Все это характерные примеры того, как выискиваются даже самые внешние аналогии и созвучия, чтобы травестировать серьезное и заставить его зазвучать в смеховом плане. Во всем – в смысле, в образе, в звуке священных слов и обрядов – искали и находили ахиллесову пяту для осмеяния, какую-нибудь черточку, позволяющую связать их с материально-телесным низом. Многие святые имели свою неофициальную легенду, построенную часто просто на основе травестии их имени; например, Saint Vit (святой Ви) воспринимался по звучанию своего имени в плане телесного низа (фалл); существовало ходячее выражение «почтить святую Мамику», что означало – пойти к своей любовнице.

Можно сказать, что вся неофициальная фамильярная речь средневековых клириков (да и всей средневековой интеллигенции) и простого народа была глубоко проникнута элементами материально-телесного низа: непристойностями и ругательствами, божбой и клятвами, травестированными и вывернутыми наизнанку ходячими священными текстами и изречениями; все, что попадало в эту речь, должно было подчиниться снижающей и обновляющей силе могучего амбивалентного низа. Такой оставалась фамильярная речь и в эпоху Рабле. Ее характерные образцы – речь брата Жана и Панурга[51].
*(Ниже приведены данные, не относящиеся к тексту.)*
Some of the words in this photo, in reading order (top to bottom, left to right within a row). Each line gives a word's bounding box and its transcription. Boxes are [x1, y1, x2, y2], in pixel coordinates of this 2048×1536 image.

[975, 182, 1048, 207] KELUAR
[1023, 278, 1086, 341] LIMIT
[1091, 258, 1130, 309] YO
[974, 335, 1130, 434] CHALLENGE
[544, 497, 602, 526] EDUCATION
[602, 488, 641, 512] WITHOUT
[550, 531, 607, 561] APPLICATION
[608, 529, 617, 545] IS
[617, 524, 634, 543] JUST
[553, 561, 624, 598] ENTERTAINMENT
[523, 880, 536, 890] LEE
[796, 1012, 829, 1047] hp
Универсальный характер смеха во всех перечисленных нами явлениях выступает с полной очевидностью. Средневековый смех направлен на тот же предмет, что и средневековая серьезность. Смех не только не делает никакого исключения для высшего, но, напротив, преимущественно направлен на это высшее. Далее он направлен не на частность и часть, но именно на целое, на всеобщее, на все. Он как бы строит свой мир против официального мира, свою церковь – против официальной церкви, свое государство – против официального государства. Смех служит литургии, исповедует свой символ веры, венчает, совершает похоронный обряд, пишет надгробные эпитафии, избирает королей и епископов. Характерно, что самая маленькая средневековая пародия всегда построена так, как если бы она была обломком целого и единого комического мира.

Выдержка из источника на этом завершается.